No Matter How You Slice It and Dice it…

The latest employment numbers from the U.S. Bureau of Labor Statistics (BLS) point to a robust job market.

On Friday, the U.S. BLS reported that nonfarm payrolls rose 303,000 in March, well ahead of expectations. It’s not simply March; growth has been above 250,000 for four months running. Meanwhile, the unemployment rate fell to 3.8% in March from 3.9% in February.

So far, Fed rate hikes in 2022 and 2023 appear to have done little to dampen economic activity.

Despite numerous headlines of tech sector layoffs, not many laid-off workers are filing for unemployment benefits.

Though the population is much larger today, claims are hovering near a level not seen since the early 1970s.
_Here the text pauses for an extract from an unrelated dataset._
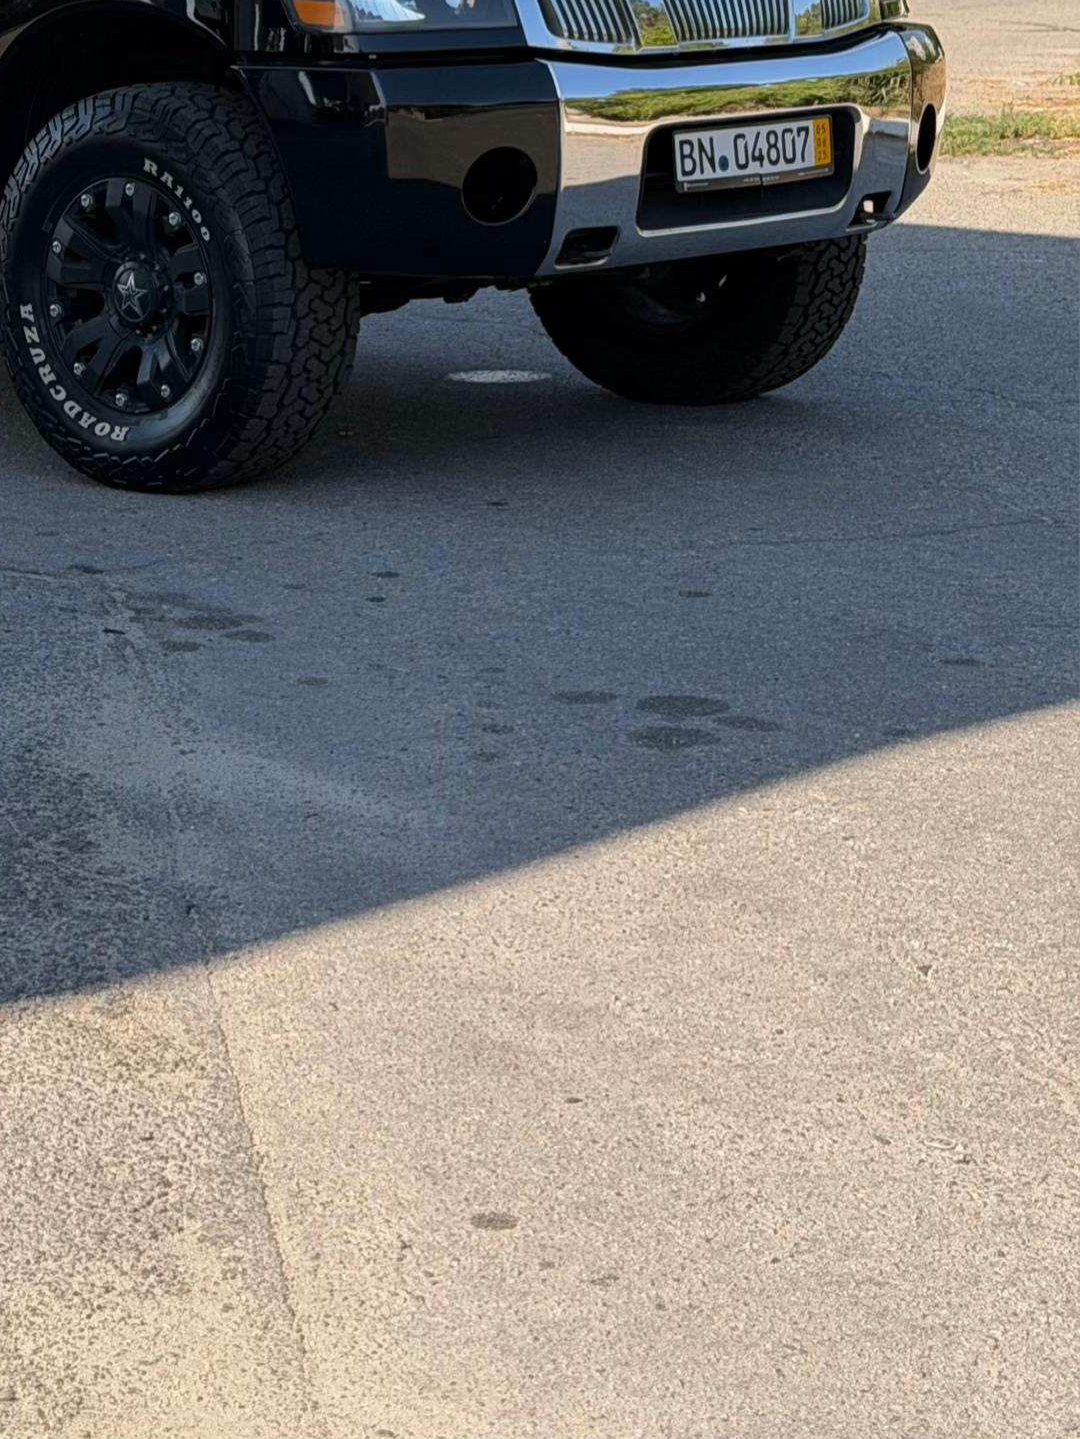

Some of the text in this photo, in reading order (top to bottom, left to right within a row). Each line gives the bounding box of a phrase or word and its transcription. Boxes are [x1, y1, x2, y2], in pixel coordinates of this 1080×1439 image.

[678, 125, 810, 177] BN 04807
[142, 157, 211, 242] RA1100
[19, 302, 132, 443] ROADCRUZA
What does this tell us? Most firms want to retain workers. If sales flounder, employers lay off staff, and first-time claims for benefits rise. That’s not happening today.

And it’s not simply upbeat job growth or low layoffs, job openings remain elevated, too, and have stabilized at an elevated level over the last eight months.

At last month’s press conference, Fed Chief Jay Powell said strong job growth wouldn’t discourage the Fed from cutting rates. Progress on inflation, or lack thereof, will better inform the timing of the Fed's next move.

In a declining economy, job openings shrink as layoffs surge. Yet, we’re mindful that not all who seek a job quickly find a position. Overall, however, the labor market is solid.

Please let me know if you have questions or would like to discuss any other matters.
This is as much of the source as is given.